What really matters if you work with Azure and need to choose between Terraform and Bicep

Terraform vs Bicep: the differences you should really know

This post has been updated in late October 2024 with the public preview of Bicep extensibility feature

For a few years now my professional coding time has been dedicated to writing Infrastructure-as-Code and CI/CD pipelines for several customers working with Azure. I now have some real-world experience in both Terraform and Bicep and as I have read several posts comparing the two, I want to share my opinion on this.
If there is one thing to keep from this post it would be this: this is a not a mono or multi cloud issue, you have to think beyond that. To elaborate on this, I will focus on two differences that are not talked about enough.

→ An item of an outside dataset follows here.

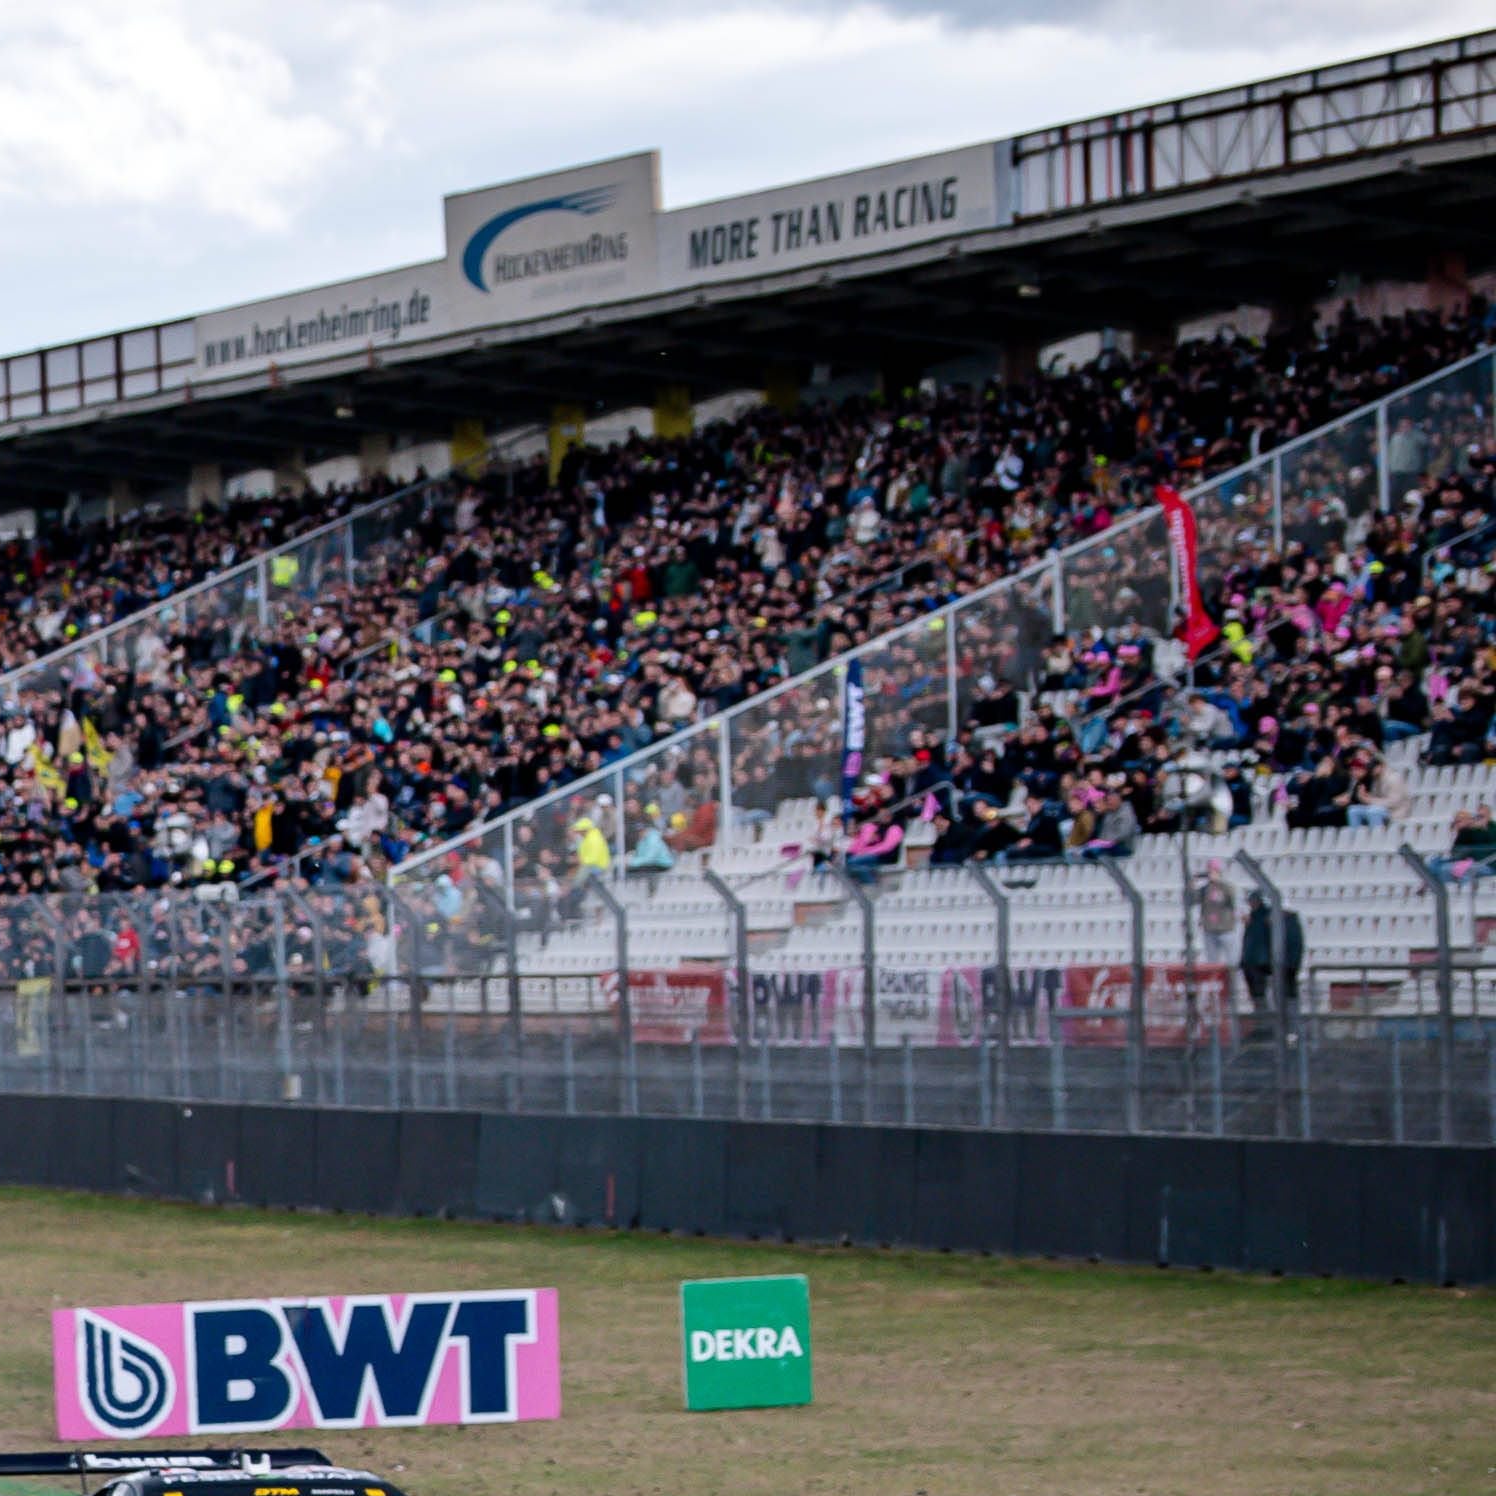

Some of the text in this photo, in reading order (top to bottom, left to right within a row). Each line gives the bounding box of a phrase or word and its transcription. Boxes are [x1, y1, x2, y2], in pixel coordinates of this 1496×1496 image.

[688, 175, 959, 269] MORE THAN RACING
[204, 289, 431, 369] www.hockenheimring.de
[190, 1295, 534, 1428] BWT
[690, 1326, 804, 1362] DEKRA

I have started to work on this article before Terraform licence’s change and the rise of OpenTofu (yes, I needed time for this one), so everything written here about Terraform applies to OpenTofu as well.

First difference: the execution mode

One of the most important thing to understand is what is happening on the machine executing Terraform or Bicep (note that the machine could be your workstation or a CI/CD runner).

Using Bicep

When you give a file to Bicep, it will find the dependant Bicep files, “compile” the whole thing as an ARM template and submit a deployment in a single API call to Azure. From there all the work is done within Azure, the caller (your workstation or CI/CD runner) monitors the status of the deployment and waits for its completion.
Bicep execution sad Escobar meme As the deployment is made by Azure, pretty much nothing happens on your machine You can also monitor the execution and see the result from the Azure portal in the deployment blade of the targeted management group, subscription or resource group: Deployment in Azure portal Viewing this in the portal will not happen if you use Terraform

Using Terraform

When you run terraform plan from a folder, it compares the whole configuration (the *.tf files) with the state to determine the changes to make on the resources in Azure. Then running terraform apply will make the changes on the resources and reflect them in the state.
For both commands there is no deployment submitted to Azure, but a lot of calls to the management API are made to create/read/update/delete the resources in Azure. The order of the API calls is determined by the logic of Terraform and its providers, this logic is executed on the machine running the Terraform CLI (your workstation or CI/CD runner).
Once the configuration has been applied you won’t see any deployment in the Azure portal, as the AzureRM provider of Terraform doesn’t use them. Instead you can see a bunch of entries in the Activity log of the affected resources.
Terraform execution conspiracy whiteboard meme When using Terraform, a lot of calls are made from your machine

What does it change ?

Once this explained, let’s dig in what this difference changes with several examples.

The ability to interact with other tools, APIs, or clouds

First, Bicep’s execution mode limits its capability to interact with other things: as the whole deployment is done remotely you can’t for instance insert a delay between two resources. You can’t either interact with another API, or another cloud.
In fact, as Bicep compiles into an ARM template, it is de-facto limited to what ARM templates can do, which is what the Azure Resource Manager API can do. So you can do anything as long as it’s related to an Azure resource, which excludes:

  • Uploading a blob to a storage account (a blob is a data, not a resource)
  • Interact with Azure AD/Entra ID:
    • You can’t activate Easy Auth on an App Service as you’ll need to create an App Registration
    • You can’t get existing AAD objects like groups from their names to assign roles (you have to provide ids)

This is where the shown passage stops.